Старая автомобильная покрышка набивалась взрывчаткой, подпаливался шнур, как я говорил, и шину выкатывали из ближайшего подъезда на дом с дотом.

Но подобраться к доту тоже было непросто. Дома тут стояли тесно — плечом к плечу. Мы проделывали дырки в стенах и шли сквозь шеренгу зданий, сквозь их утробы, прикрытые безмятежными фасадами.

— Теперь надо перебегать в подъезд, — сказал я Катине.

— Я первая, — сказала Катя.

— Нет уж. Я проверю, потом ты.

Но она не ответила и как в воду нырнула в обнаженное пространство улицы. И сразу по мостовой зачиркали брызги автоматных очередей.

Я видел, как Катя петляет на бегу, и мне показалось, что ее ранили. Но нет, она вскочила в подъезд напротив дома, где я сейчас прятался, в подъезд с нашей покрышкой.

Полагалось выждать минут пятнадцать-двадцать, а я ринулся почти сразу. Меня всегда тянуло двигаться в том же направлении, что и она.

Сейчас я говорю «всегда». А мы знакомы-то были две недели. Но, наверное, так и определяешь, что влюблен, когда тебе начинает казаться, что все, связанное с этим человеком, существовало в тебе всегда.

Ее привел в нашу организацию Костас, сказал: «Моя однокурсница». И все. Будто это было высшей аттестацией.

Помню, мы сидели на явочной квартире у кузины Георгиса. В комнате было человек шесть, когда они вошли. И все замолчали. Замолчали и смотрели на них: двое высоких, бледных, оба в черном; на фоне белой двери они походили на старинную и в то же время модернистскую гравюру.

Костас носил странную разлетающуюся крылатку. А под мышкой, вернее — у талии, как держат на приемах военные кивер, стопка книг. Он был нашим разведчиком. Носясь в открытую по городу, он доставал любые сведения — англичанам почему-то не приходило в голову даже останавливать его. Может, из-за крылатки и книг.

О Кате я тогда же подумал то, что думал потом всякий раз, глядя на нее: узкое ее тело вонзалось в воздух, как длинное веретено, будто накручивало на себя невидимые нити воздуха. Или будто легкий смерч заматывал ее.

И сейчас, когда она бежала через мостовую, столбик смерча перемещался туда-сюда. И еще это походило на стремительное метание черного ферзя по шахматному полю.

Я не очень-то склонен к метафорическому мышлению, но о ней я всегда думал так.

Перебежал я спокойно.

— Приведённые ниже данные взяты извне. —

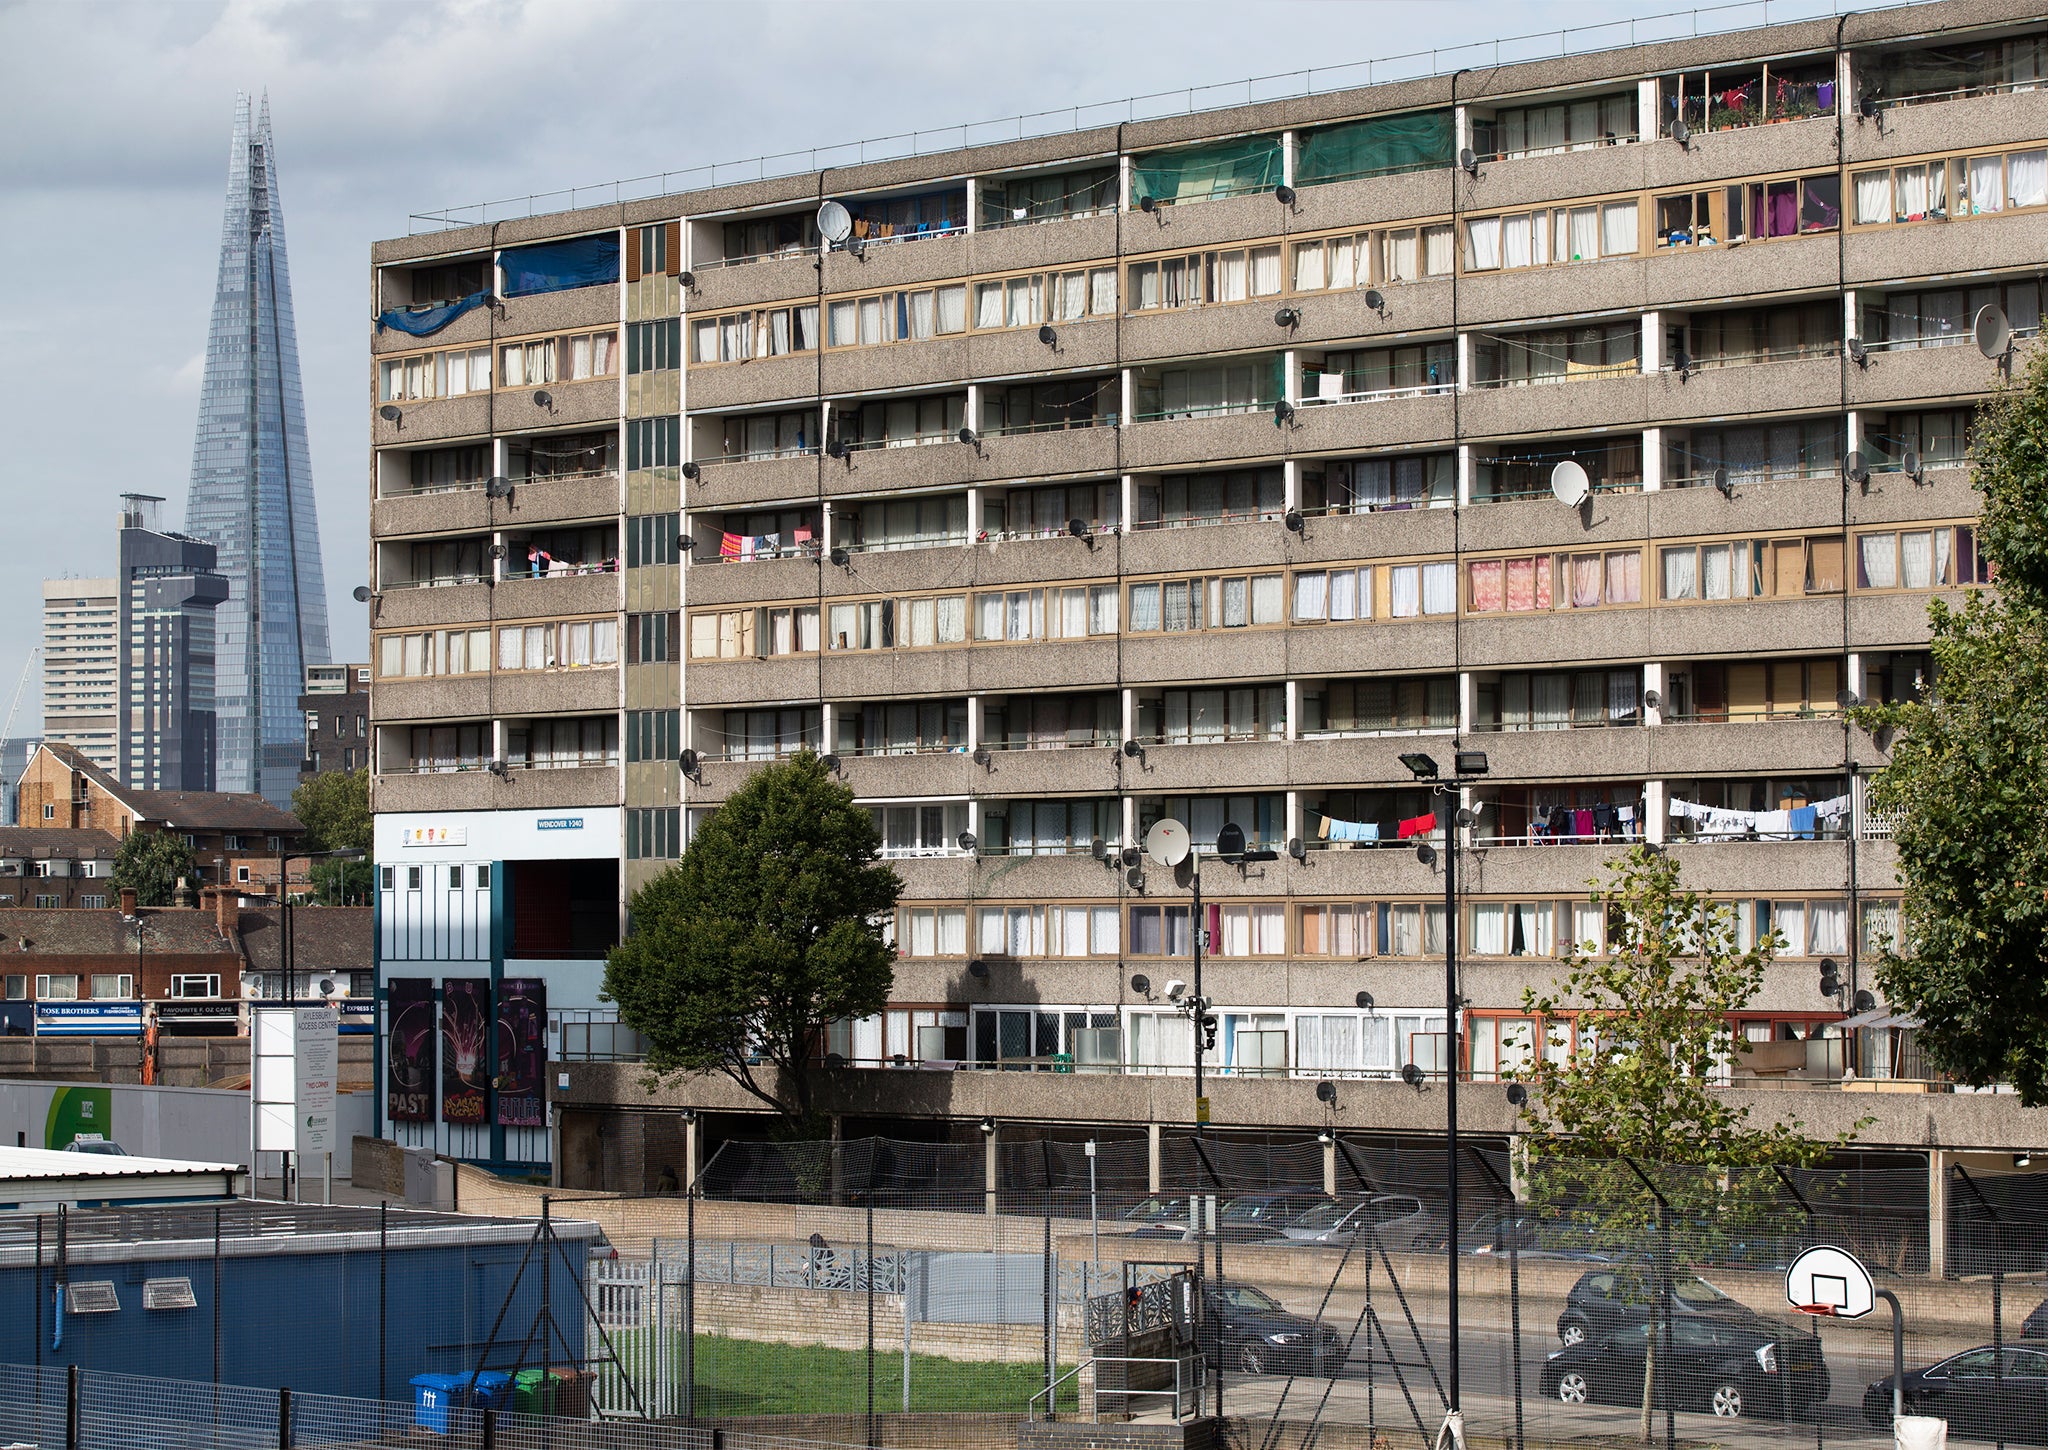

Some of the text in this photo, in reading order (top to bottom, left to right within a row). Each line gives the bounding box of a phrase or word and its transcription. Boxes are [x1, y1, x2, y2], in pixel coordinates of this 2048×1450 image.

Ни одного выстрела. И только у самых дверей, как длинный язык кнута, за спиной взвизгнула очередь. Изогнувшись, я подался в глубь подъезда и ощутил, как пули прошли совсем рядом. И у самого своего лица увидел лицо Кати.

Наверное, это было неизбежно. Уже позднее я осознал, что с самого утра, слизывая несуществующие табачные крошки, я чувствовал ее губы.

Я поцеловал ее.

— Ты не должен был этого делать, — сказала Катя. — Нужно было выждать, а потом бежать.

Она будто бы и не заметила, что я поцеловал ее. Поцеловал в губы, глубоко и взволнованно. Она была странная, эта Катя. Самые неожиданные вещи принимала как закономерное, без улыбки расставляя все на свои места. И вдруг поражалась чему-то, что другому показалось бы вполне ординарным. Вокруг нее был ясный, понимаемый мир, взрывавшийся только ее внезапными открытиями. И тогда она казалась растерянной, радостной и потрясенной.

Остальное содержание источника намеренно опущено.